What problems is the climate tech sector facing in terms of hiring?
Climate tech is a nascent industry and the problem stems from the talent pool being so small, yet the demand for talent increasing exponentially. With the fast-paced growth that the sector is experiencing comes a perception that recruits must be “off the shelf” and fully experienced. Climate tech companies need to be more open to transferable skills and draw talent from other sectors.
It’s also down to a lack of awareness from universities and other education institutions about the young sector. They don’t know what jobs or careers exist, so it’s very hard for them to prepare people for careers in the sector. We need much more education about the sector and the opportunities it presents. Governments should be key to this but they don’t know enough about what is happening. Climate tech trade bodies and associations can and should help, but it’s a chicken and egg situation — who pays and who is accountable? That’s what’s holding us back.
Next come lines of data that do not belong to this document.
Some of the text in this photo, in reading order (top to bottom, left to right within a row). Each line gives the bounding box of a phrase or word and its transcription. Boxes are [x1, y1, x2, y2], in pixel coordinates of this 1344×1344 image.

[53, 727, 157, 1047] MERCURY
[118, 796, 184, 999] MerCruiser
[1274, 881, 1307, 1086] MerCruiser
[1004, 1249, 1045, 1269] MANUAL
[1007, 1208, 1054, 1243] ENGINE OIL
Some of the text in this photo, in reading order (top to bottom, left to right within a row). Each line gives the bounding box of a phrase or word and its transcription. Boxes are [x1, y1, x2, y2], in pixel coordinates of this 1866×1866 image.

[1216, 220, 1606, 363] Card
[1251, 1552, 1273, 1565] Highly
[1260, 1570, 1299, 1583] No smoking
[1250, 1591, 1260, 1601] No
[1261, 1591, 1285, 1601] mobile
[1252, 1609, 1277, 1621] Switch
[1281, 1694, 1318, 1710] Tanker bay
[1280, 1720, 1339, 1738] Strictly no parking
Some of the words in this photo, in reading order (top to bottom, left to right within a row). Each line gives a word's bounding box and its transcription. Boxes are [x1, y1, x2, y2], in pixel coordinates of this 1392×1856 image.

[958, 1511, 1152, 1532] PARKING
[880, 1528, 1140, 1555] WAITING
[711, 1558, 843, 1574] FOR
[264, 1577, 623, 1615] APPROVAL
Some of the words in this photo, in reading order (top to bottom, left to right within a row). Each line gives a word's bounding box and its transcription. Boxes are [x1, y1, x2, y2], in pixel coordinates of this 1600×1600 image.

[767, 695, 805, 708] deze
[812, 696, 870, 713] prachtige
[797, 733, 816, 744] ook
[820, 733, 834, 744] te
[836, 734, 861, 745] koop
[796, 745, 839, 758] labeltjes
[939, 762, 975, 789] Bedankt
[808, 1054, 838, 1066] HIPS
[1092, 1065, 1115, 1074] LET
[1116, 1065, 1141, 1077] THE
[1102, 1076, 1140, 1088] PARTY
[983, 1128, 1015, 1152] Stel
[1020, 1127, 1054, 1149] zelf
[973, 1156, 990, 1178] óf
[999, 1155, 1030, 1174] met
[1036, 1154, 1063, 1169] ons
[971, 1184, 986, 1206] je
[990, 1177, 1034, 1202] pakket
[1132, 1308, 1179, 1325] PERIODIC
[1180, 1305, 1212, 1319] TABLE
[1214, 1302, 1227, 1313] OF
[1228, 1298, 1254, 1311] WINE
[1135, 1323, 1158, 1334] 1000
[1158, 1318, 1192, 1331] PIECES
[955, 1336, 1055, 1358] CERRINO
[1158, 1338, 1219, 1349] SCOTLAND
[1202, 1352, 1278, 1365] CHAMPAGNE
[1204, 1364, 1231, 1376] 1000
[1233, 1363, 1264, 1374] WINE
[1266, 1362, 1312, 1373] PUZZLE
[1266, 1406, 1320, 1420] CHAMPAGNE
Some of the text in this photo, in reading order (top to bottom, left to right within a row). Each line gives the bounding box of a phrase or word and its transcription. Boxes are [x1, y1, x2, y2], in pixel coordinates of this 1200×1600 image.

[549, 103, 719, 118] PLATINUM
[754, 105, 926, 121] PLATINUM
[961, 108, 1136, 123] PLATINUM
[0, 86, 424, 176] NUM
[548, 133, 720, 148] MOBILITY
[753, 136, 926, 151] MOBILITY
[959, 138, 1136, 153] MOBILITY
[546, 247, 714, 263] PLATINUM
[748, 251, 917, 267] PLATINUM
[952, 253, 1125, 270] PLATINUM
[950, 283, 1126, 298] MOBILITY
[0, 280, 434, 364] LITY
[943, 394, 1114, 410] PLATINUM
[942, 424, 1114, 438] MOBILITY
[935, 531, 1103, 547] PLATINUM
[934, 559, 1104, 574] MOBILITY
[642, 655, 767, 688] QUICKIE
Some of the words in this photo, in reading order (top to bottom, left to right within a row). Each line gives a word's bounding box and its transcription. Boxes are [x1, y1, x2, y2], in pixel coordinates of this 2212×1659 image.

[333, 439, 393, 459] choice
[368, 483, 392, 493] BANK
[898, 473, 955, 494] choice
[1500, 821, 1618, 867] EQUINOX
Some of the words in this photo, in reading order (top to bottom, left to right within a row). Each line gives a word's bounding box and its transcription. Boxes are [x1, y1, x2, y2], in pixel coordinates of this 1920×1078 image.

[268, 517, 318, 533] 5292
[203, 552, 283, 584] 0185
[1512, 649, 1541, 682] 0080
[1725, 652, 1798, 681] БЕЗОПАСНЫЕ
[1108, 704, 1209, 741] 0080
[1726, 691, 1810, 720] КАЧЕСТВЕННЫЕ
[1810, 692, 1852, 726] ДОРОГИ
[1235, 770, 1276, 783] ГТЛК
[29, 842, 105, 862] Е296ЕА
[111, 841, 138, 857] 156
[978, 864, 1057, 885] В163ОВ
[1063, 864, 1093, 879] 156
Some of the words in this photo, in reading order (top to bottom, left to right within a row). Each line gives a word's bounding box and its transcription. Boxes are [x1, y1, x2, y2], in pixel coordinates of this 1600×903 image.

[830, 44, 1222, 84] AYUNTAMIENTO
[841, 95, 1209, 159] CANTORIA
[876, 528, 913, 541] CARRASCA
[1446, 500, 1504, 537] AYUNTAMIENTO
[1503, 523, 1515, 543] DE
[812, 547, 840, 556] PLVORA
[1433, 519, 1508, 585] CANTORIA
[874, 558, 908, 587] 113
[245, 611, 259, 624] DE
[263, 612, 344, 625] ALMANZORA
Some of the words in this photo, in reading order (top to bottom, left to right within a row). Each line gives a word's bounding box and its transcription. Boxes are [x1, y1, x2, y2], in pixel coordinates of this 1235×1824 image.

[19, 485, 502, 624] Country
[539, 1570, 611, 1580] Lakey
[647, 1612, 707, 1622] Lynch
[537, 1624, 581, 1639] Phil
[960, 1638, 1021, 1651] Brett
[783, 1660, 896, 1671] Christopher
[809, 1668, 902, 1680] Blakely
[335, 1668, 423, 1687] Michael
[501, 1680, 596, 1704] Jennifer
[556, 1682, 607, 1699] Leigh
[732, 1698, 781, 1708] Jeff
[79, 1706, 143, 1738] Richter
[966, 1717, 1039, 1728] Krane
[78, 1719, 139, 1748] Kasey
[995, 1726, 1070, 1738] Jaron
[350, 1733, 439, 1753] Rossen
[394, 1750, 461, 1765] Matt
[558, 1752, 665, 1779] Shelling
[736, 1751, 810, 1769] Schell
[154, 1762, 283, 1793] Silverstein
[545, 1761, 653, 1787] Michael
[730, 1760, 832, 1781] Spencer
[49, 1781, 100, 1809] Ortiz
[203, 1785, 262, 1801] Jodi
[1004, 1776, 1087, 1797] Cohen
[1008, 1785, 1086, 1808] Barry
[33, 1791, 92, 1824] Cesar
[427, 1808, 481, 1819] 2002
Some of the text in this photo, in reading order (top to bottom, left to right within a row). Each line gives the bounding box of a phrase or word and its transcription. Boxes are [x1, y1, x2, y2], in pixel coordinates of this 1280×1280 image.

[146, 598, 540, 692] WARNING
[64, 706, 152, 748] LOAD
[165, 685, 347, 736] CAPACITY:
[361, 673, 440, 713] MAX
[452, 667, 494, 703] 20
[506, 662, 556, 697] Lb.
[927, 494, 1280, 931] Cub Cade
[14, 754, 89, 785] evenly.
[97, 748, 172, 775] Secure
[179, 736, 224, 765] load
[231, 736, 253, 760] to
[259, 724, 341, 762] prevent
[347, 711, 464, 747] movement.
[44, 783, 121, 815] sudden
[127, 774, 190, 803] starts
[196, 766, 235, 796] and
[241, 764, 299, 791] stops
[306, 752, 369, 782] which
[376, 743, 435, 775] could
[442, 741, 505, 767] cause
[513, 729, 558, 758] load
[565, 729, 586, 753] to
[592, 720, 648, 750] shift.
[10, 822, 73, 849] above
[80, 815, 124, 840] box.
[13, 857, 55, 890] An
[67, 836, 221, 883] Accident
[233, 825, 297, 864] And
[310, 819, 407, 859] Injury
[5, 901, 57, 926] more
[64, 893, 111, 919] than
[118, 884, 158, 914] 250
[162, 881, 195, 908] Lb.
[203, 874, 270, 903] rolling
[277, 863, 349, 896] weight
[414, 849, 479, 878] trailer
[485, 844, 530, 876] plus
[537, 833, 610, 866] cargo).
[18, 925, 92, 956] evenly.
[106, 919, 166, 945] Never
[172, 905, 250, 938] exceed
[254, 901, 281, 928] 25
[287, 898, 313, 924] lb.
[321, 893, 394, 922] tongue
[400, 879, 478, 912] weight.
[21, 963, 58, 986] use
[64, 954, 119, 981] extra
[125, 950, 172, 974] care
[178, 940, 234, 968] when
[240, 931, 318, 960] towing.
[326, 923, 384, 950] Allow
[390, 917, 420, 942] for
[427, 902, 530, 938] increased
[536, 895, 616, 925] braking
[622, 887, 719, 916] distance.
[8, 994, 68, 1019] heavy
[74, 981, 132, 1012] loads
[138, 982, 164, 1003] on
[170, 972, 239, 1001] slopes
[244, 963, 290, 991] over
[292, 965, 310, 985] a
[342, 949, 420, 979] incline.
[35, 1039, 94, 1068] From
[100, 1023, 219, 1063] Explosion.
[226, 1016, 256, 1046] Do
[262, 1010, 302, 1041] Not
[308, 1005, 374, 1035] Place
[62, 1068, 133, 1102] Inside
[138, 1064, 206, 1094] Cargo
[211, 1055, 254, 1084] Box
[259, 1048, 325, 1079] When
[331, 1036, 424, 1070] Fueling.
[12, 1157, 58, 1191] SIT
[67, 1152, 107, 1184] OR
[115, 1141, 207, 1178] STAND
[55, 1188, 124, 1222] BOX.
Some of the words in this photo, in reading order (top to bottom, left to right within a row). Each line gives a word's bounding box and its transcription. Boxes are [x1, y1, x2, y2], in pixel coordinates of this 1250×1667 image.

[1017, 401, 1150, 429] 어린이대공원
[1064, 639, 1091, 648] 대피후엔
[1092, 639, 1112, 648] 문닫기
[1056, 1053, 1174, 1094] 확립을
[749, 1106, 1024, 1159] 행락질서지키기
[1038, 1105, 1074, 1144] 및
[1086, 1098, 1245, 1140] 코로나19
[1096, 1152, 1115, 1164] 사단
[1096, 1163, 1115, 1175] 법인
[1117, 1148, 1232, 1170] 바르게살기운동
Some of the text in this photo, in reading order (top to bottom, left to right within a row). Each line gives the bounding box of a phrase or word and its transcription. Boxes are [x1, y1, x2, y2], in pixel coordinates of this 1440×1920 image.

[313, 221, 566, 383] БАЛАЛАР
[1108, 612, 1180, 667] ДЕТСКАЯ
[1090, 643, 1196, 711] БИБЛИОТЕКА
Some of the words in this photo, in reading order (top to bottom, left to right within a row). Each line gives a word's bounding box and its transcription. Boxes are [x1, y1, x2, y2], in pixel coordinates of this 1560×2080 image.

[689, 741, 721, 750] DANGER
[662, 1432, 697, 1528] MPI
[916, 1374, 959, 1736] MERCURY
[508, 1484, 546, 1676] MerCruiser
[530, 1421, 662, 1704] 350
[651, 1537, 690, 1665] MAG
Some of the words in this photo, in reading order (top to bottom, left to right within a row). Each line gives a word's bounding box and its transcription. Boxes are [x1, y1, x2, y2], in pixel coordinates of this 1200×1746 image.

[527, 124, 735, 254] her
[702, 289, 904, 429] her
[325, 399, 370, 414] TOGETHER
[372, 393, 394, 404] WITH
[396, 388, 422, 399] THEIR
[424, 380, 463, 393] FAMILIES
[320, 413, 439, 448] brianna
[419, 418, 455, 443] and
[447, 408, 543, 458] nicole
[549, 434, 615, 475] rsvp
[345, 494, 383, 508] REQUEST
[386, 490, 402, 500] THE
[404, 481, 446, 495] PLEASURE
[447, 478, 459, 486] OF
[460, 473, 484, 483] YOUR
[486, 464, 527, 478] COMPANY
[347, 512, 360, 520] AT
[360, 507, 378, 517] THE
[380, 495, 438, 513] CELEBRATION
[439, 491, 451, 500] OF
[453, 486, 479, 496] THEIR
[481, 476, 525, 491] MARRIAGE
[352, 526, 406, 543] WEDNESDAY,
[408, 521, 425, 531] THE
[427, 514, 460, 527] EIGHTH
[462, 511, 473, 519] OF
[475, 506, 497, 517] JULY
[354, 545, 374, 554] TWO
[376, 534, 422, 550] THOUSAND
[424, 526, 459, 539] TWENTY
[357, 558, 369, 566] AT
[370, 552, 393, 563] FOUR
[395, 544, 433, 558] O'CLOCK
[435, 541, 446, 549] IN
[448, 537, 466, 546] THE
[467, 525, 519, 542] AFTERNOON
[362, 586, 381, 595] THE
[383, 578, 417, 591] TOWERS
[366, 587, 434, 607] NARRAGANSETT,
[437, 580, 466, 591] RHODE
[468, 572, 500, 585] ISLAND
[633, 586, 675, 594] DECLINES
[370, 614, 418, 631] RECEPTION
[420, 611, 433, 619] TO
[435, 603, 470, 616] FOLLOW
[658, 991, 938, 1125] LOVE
How big an impact will the lack of talent have on the sector?
A significant one. As Jim Collins wrote, “vision without good people is irrelevant”. No matter how good your product or service, or how much money you’ve raised, without the right people in the right jobs at the right time, you can’t execute. You’re held back. That’s true of individual companies and the sector as a whole. It increases the need to pay over the odds just to get the right people, which inflates salaries broadly and challenges the financial viability of some companies who may have a brilliant solution or offering.
Are climate tech companies offering competitive salaries?
Climate tech companies can offer increasingly large salaries. But many companies in the sector are startups or post-investment scaleups, so where they perhaps can’t offer the salaries and benefits that a corporate can, they can offer equity, options and other growth-based incentives and bonuses. Candidates may have to take a hit on the basic salary but have the upside opportunities you won’t get elsewhere.
Of course, working for a purpose, a mission you believe in, also makes any sacrifice on salary less of an issue, and research shows that many workers would forego their salary if it meant having a meaningful job. People will make sacrifices, not just financial, to be part of something important and impactful — one that aligns with values.
What resources can people use to reskill their employees to better cope with the transition to net zero?
The biggest thing is teaching people to be agile and to adapt quickly to change, even thrive in chaos — or at least a fast-changing environment. That is more important than technical training or upskilling. While technical training can be found and done — even if it’s patchy — who is training critical thinking, first-principles problem solving and agile working?
That’s the big issue because of the nature of the sector — fast-changing and slightly chaotic — meaning that people from a variety of backgrounds driving things forward is an excellent proposition. But it’s also the hardest because support from universities — an environment where nothing much changes — is stagnated.